-------- DATASET RECORDS
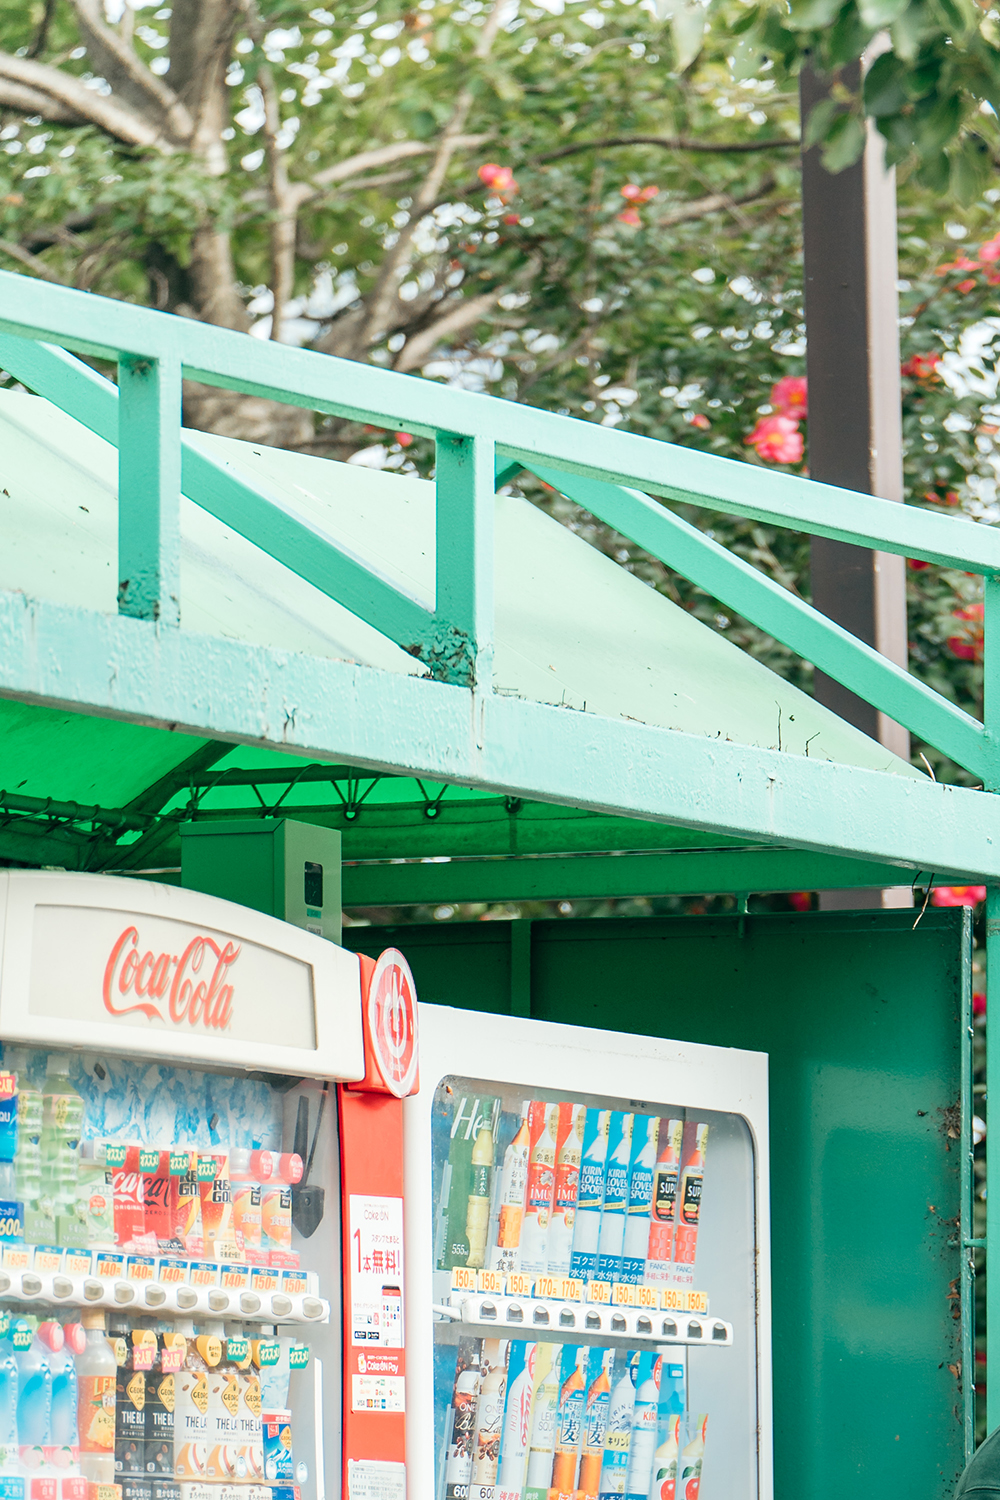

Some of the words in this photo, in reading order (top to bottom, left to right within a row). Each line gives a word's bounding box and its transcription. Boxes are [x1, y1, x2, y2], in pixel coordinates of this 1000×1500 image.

[103, 925, 241, 1030] Coca-Cola
[456, 1270, 475, 1289] 150円
[482, 1272, 500, 1291] 150円
[510, 1275, 528, 1294] 150円
[539, 1278, 557, 1297] 170円
[562, 1280, 580, 1299] 170円
[591, 1283, 608, 1300] 150円
[616, 1286, 633, 1303] 150円
[639, 1288, 656, 1305] 150円
[664, 1291, 682, 1308] 150円
[687, 1293, 705, 1310] 150円
[121, 1410, 136, 1424] THE
[152, 1412, 167, 1426] THE
[185, 1415, 199, 1428] THE
[215, 1417, 230, 1430] THE
[240, 1419, 255, 1431] THE
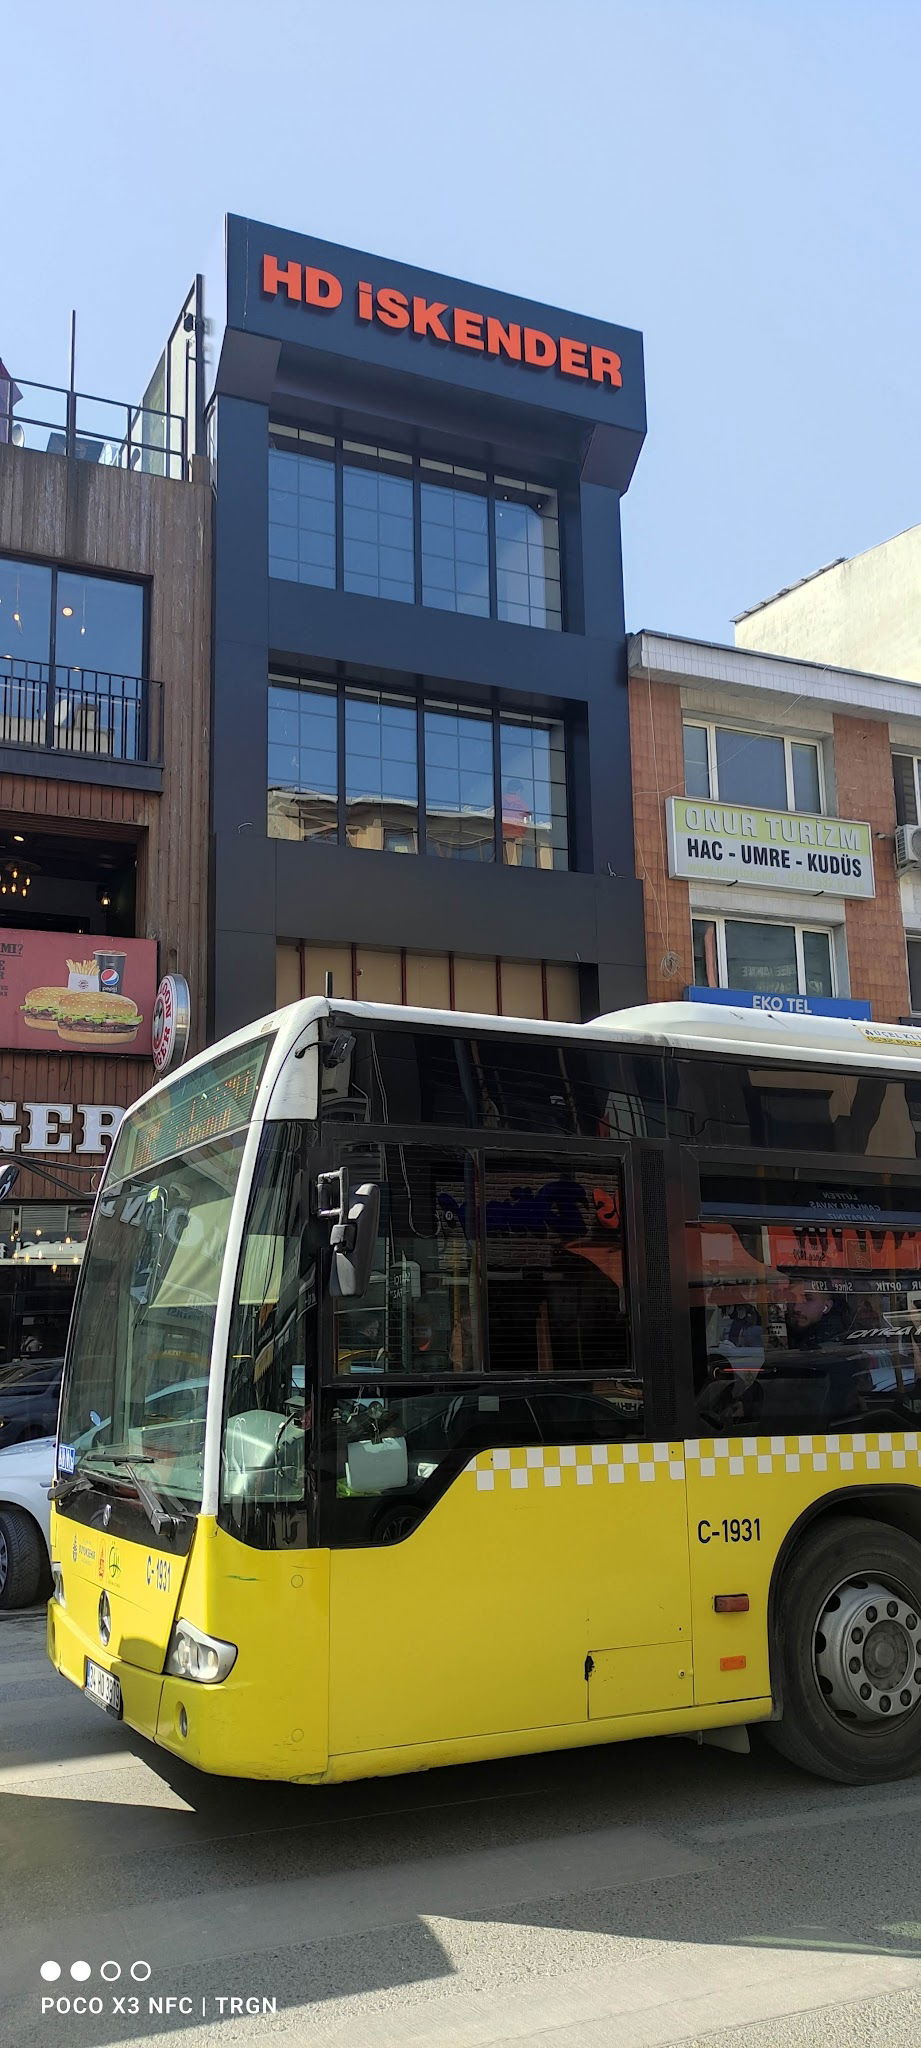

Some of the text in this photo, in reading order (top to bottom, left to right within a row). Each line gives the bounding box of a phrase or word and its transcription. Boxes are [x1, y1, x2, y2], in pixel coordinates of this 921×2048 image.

[263, 253, 343, 310] HD
[684, 807, 861, 852] ONUR TURİZM
[687, 838, 723, 861] HAC
[741, 845, 791, 869] UMRE
[808, 853, 862, 877] KUDÜS
[752, 995, 812, 1014] EKO TEL
[698, 1518, 761, 1544] C-1931
[146, 1555, 172, 1593] C-1931
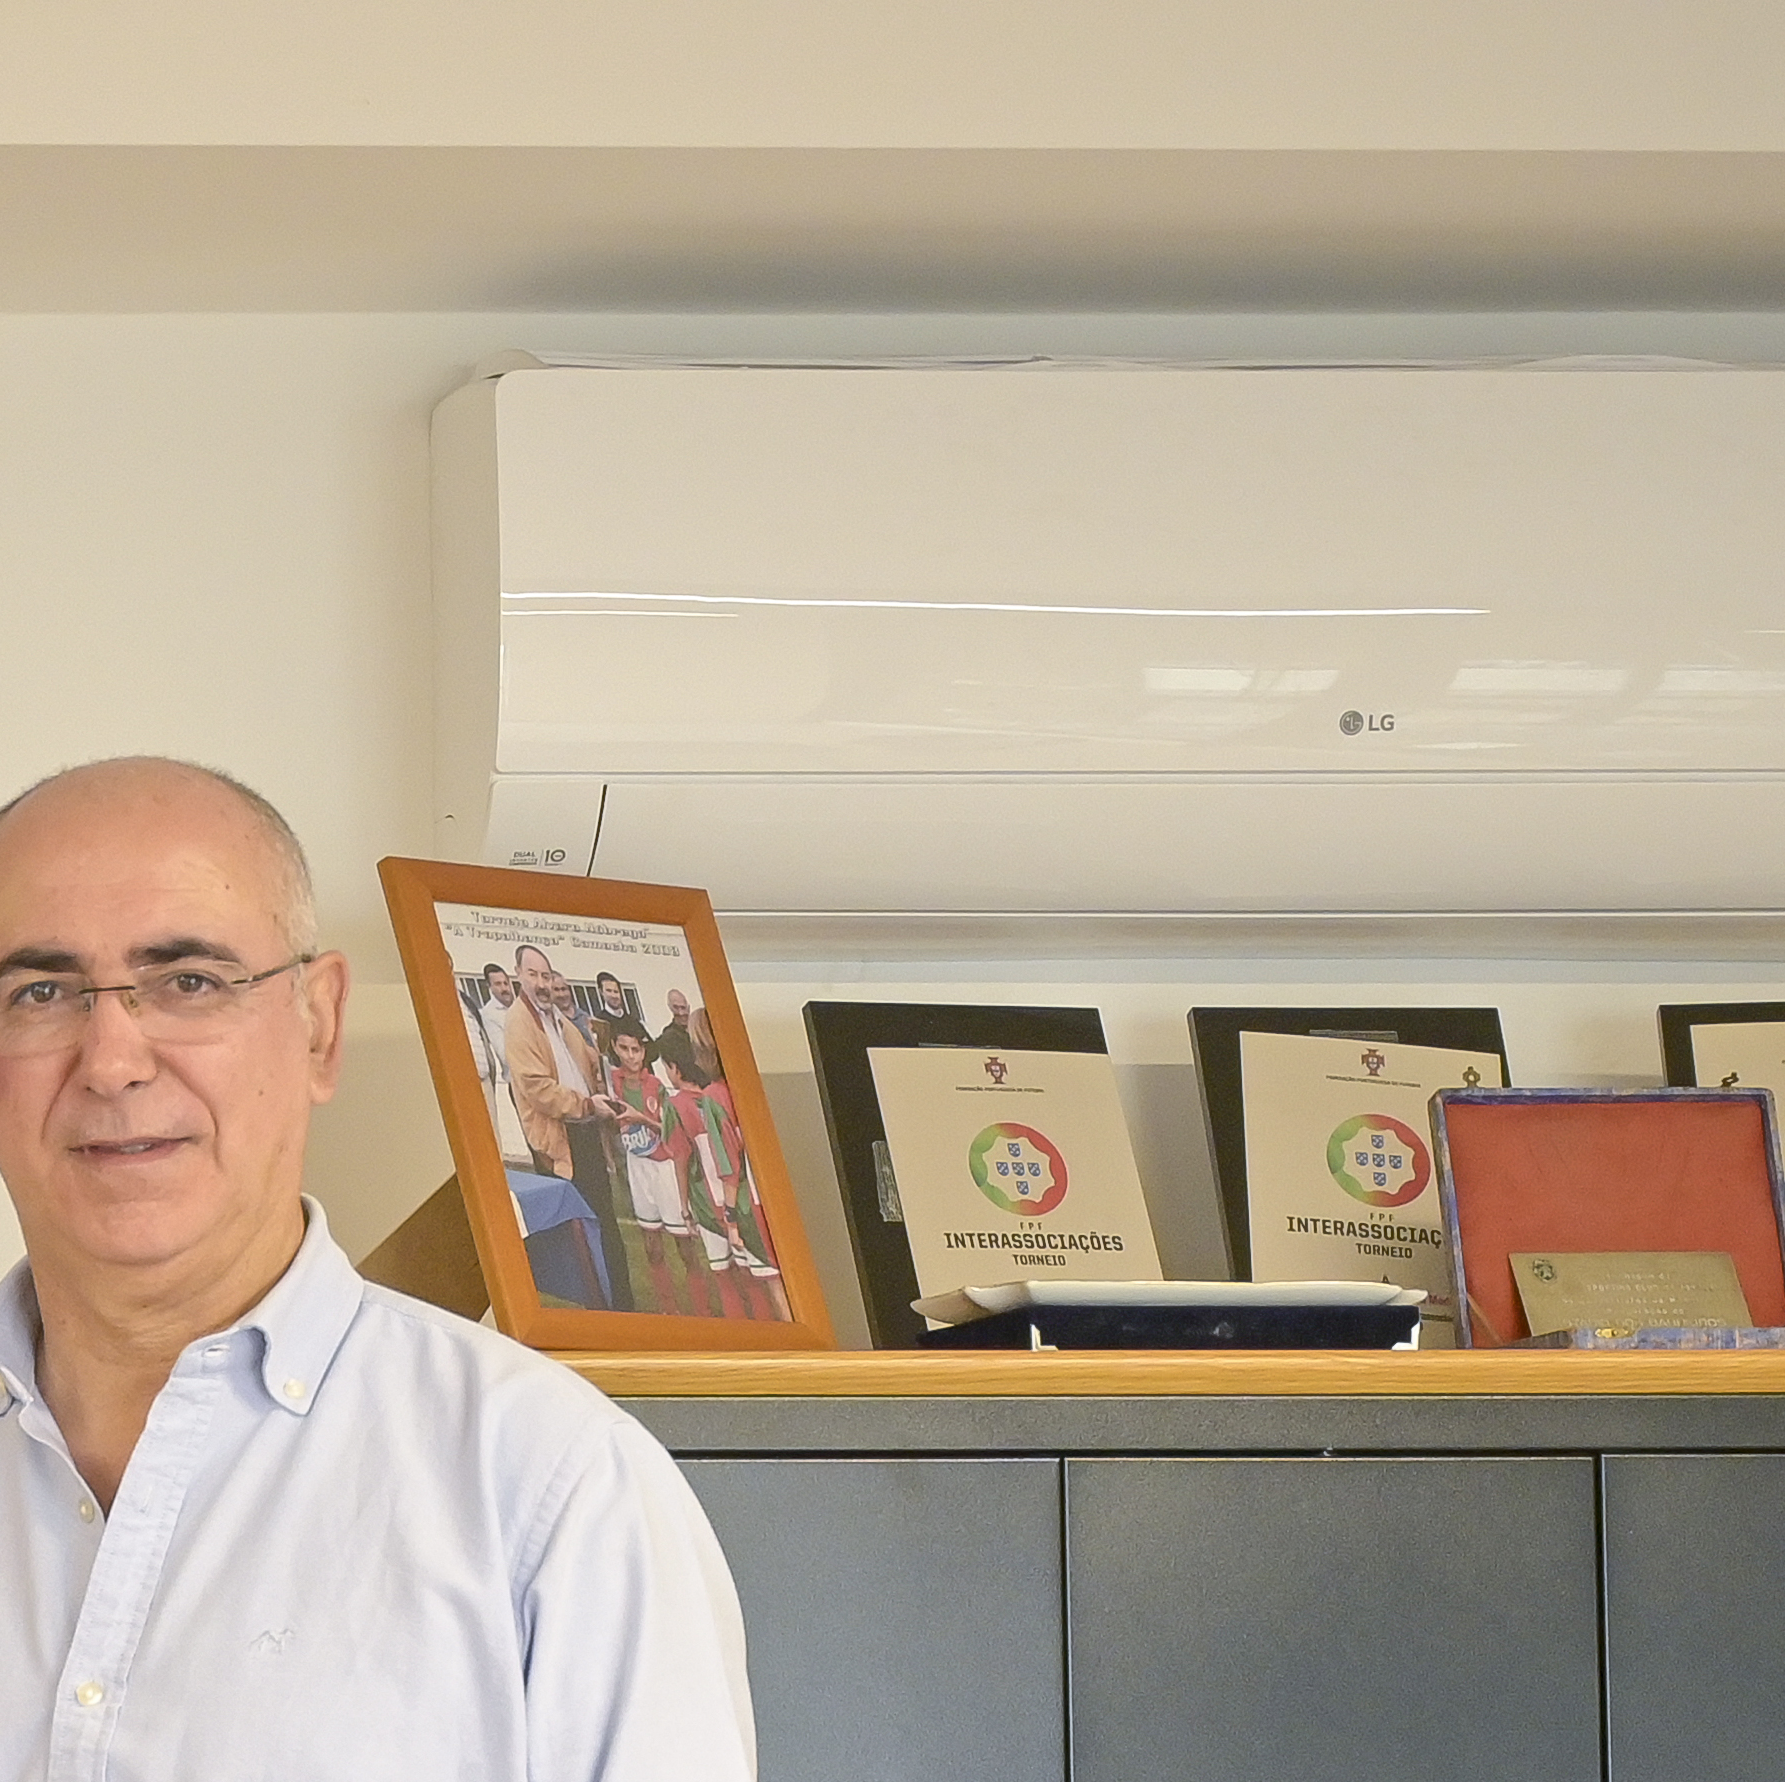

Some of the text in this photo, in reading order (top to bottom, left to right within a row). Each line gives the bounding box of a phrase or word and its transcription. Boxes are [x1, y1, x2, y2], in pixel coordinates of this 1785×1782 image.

[1368, 714, 1395, 731] LG
[1286, 1216, 1443, 1249] INTERASSOCIAÇ
[943, 1231, 1124, 1253] INTERASSOCIAÇÕES
[1355, 1243, 1413, 1259] TORNEIO
[1012, 1254, 1067, 1266] TORNEIO
----------------
_AIM OF THE EXERCISE_
Set down only these lines, exactly: the one containing "this 1785×1782 image." and each line after it through the end of the entries above.

_COMPLETED TASK_
Some of the text in this photo, in reading order (top to bottom, left to right within a row). Each line gives the bounding box of a phrase or word and its transcription. Boxes are [x1, y1, x2, y2], in pixel coordinates of this 1785×1782 image.

[1368, 714, 1395, 731] LG
[1286, 1216, 1443, 1249] INTERASSOCIAÇ
[943, 1231, 1124, 1253] INTERASSOCIAÇÕES
[1355, 1243, 1413, 1259] TORNEIO
[1012, 1254, 1067, 1266] TORNEIO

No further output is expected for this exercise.